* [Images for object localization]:
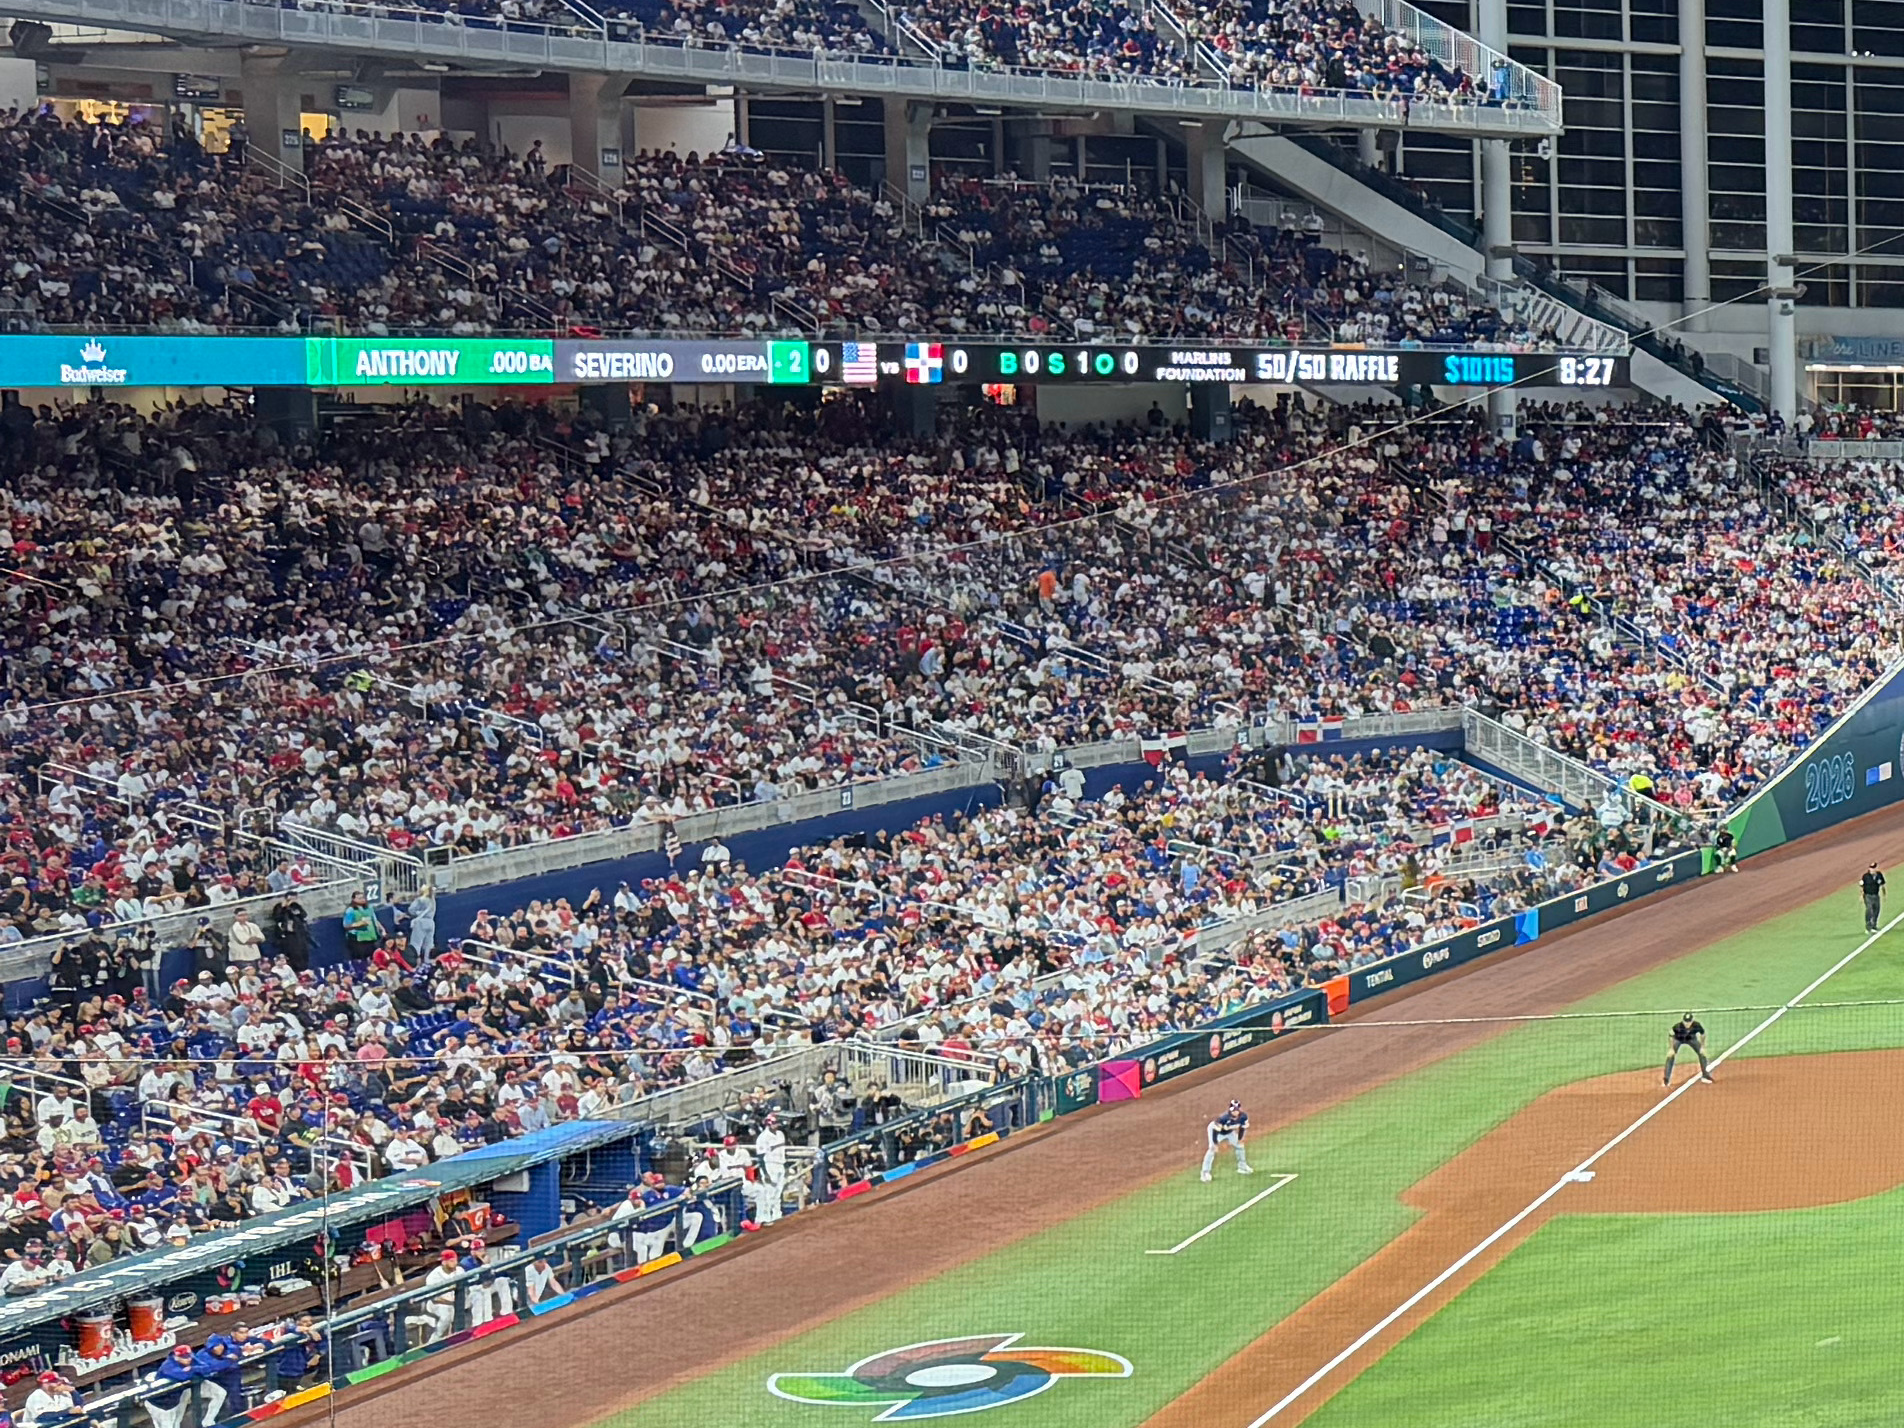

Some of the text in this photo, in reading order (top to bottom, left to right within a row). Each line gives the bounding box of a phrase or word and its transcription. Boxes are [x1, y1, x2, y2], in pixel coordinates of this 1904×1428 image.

[355, 349, 527, 376] ANTHONY .000
[575, 352, 674, 378] SEVERINO
[1171, 351, 1231, 366] MARLINS
[1257, 350, 1399, 383] 50/50 RAFFLE
[1445, 355, 1514, 384] $10115
[1560, 357, 1615, 386] 8:27
[60, 364, 127, 383] Budweiser
[1156, 367, 1246, 382] FOUNDATION
[1804, 751, 1856, 813] 2026
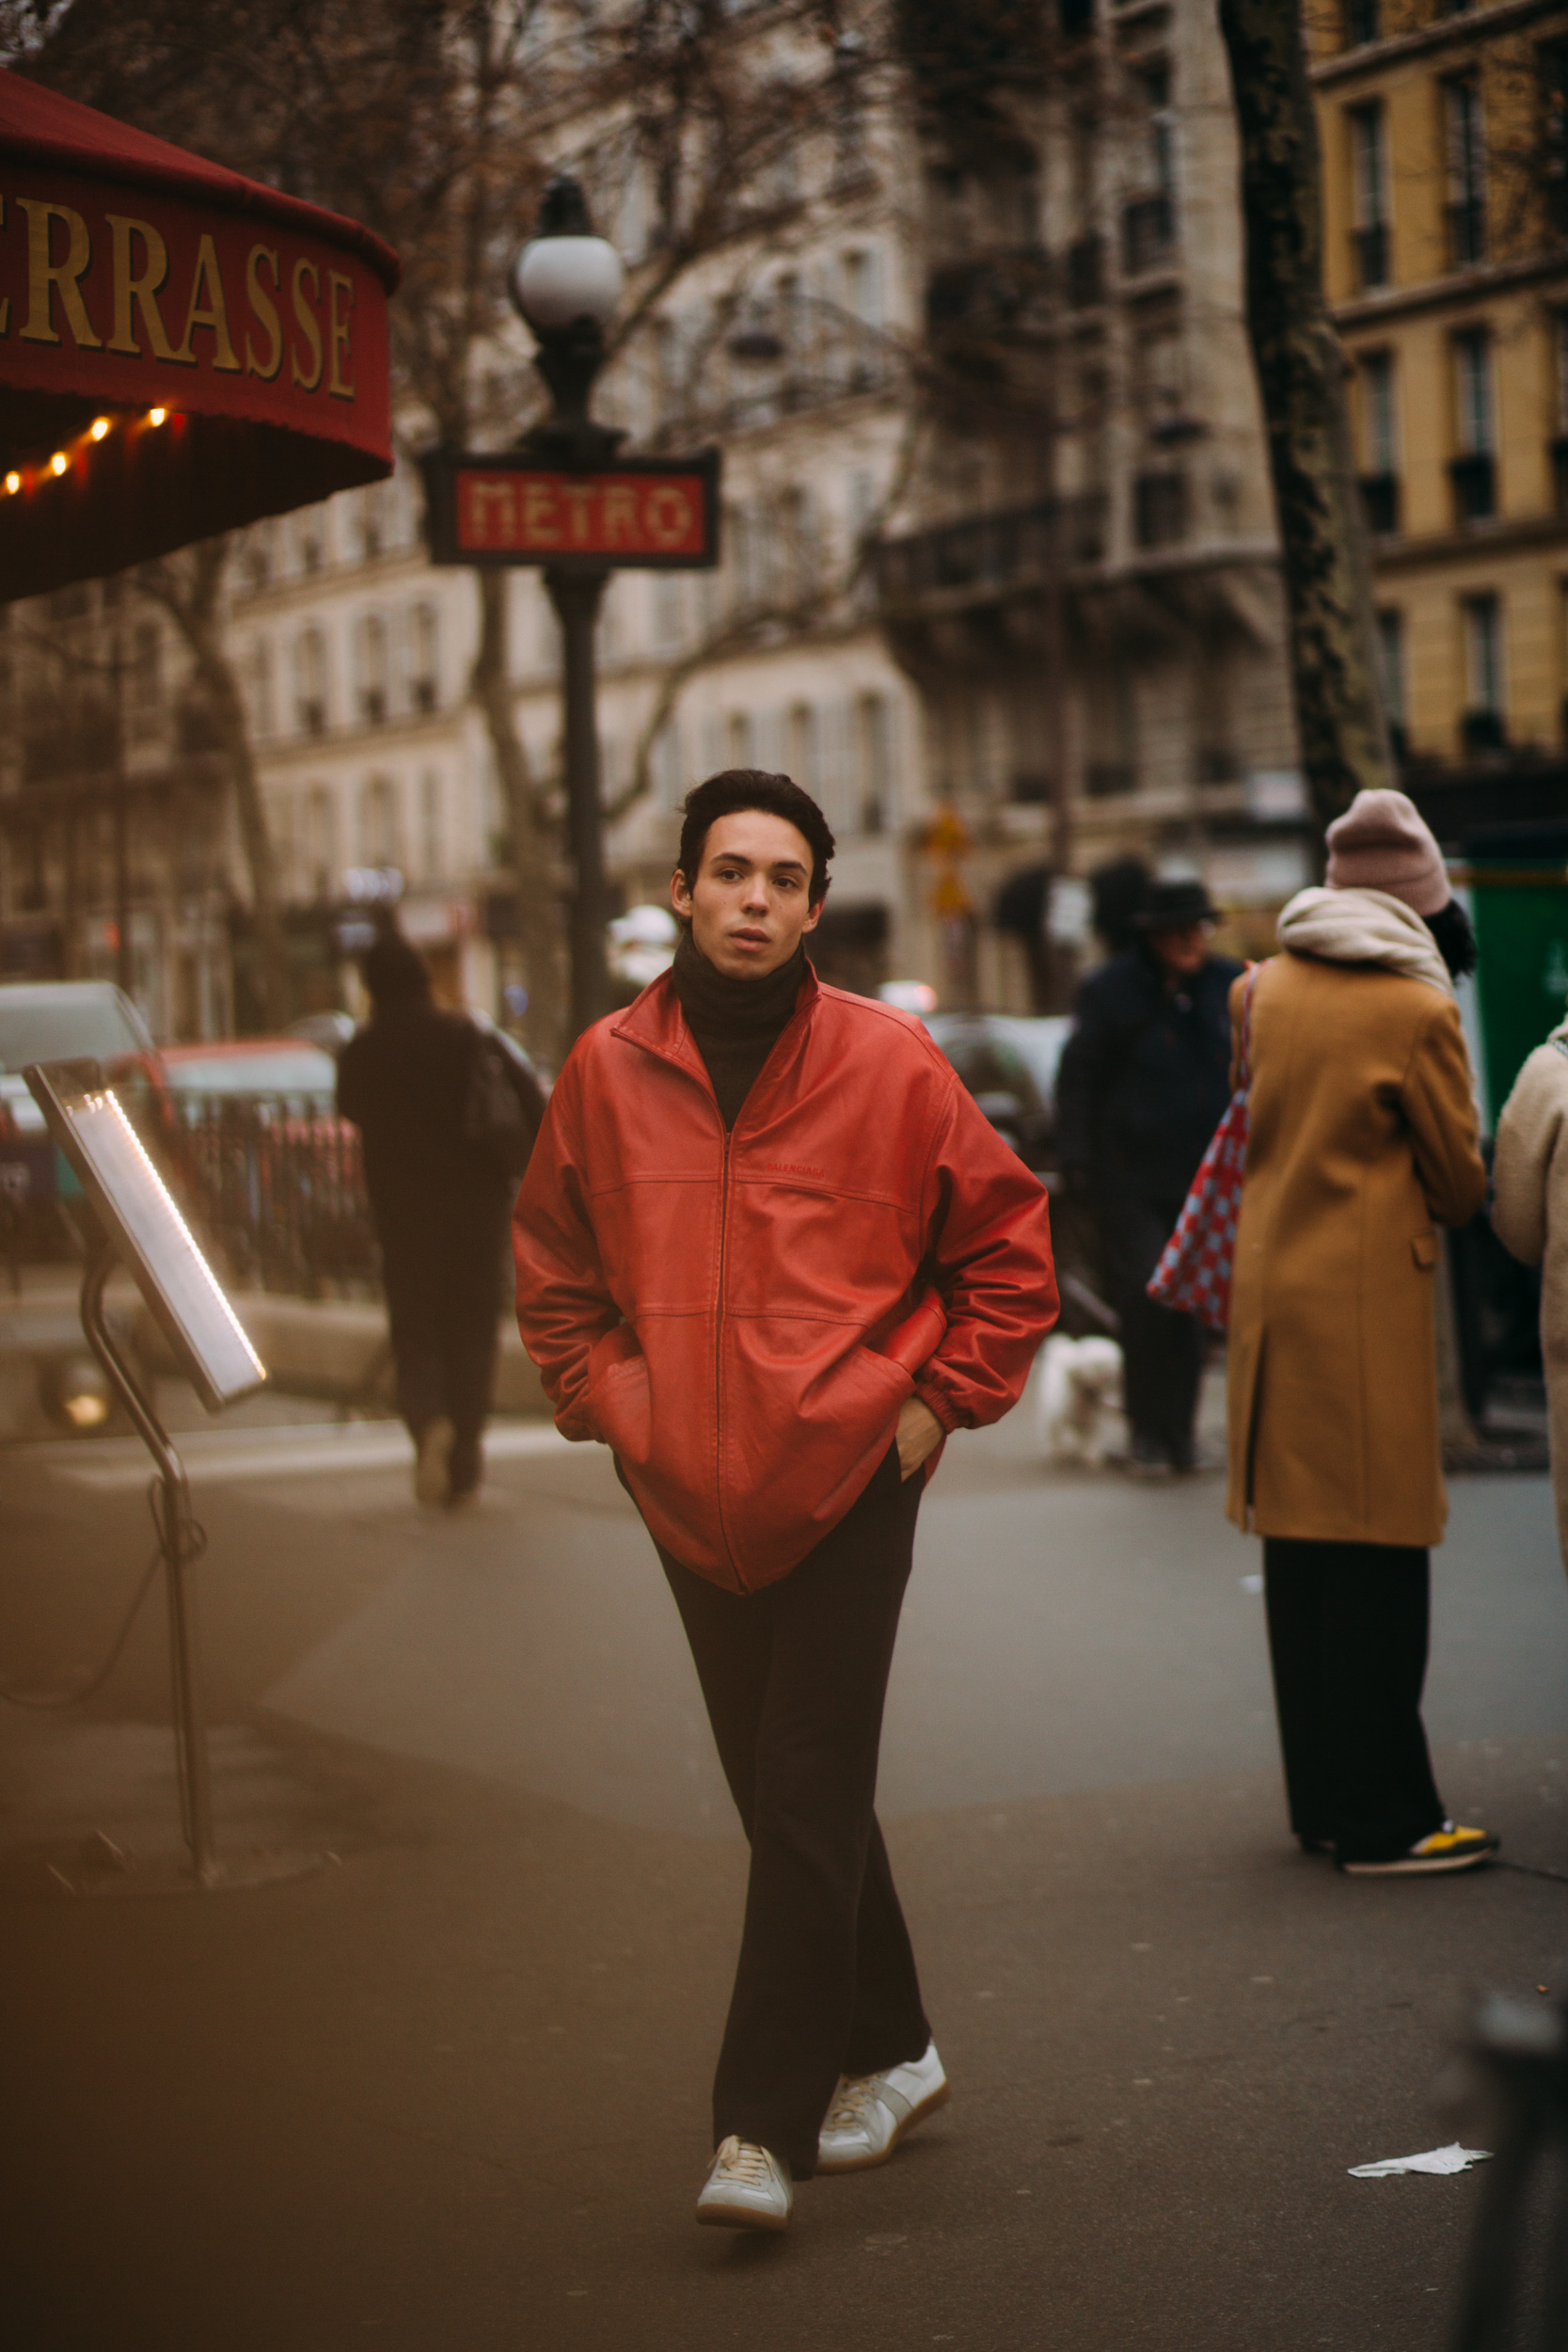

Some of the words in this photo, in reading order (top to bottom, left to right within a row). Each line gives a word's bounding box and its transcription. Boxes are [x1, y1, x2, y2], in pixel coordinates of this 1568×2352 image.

[0, 193, 356, 400] RRASSE
[471, 481, 692, 547] METRO
[767, 1163, 825, 1177] BALENCIAGA

* [The problem]: Images stay out, but the rest of the data above must be repeated exactly.

* [Answer for this exercise]:
Some of the text in this photo, in reading order (top to bottom, left to right within a row). Each line gives the bounding box of a phrase or word and its transcription. Boxes are [x1, y1, x2, y2], in pixel coordinates of this 1904×1428 image.

[355, 349, 527, 376] ANTHONY .000
[575, 352, 674, 378] SEVERINO
[1171, 351, 1231, 366] MARLINS
[1257, 350, 1399, 383] 50/50 RAFFLE
[1445, 355, 1514, 384] $10115
[1560, 357, 1615, 386] 8:27
[60, 364, 127, 383] Budweiser
[1156, 367, 1246, 382] FOUNDATION
[1804, 751, 1856, 813] 2026

Some of the words in this photo, in reading order (top to bottom, left to right within a row). Each line gives a word's bounding box and its transcription. Boxes are [x1, y1, x2, y2], in pixel coordinates of this 1568×2352 image.

[0, 193, 356, 400] RRASSE
[471, 481, 692, 547] METRO
[767, 1163, 825, 1177] BALENCIAGA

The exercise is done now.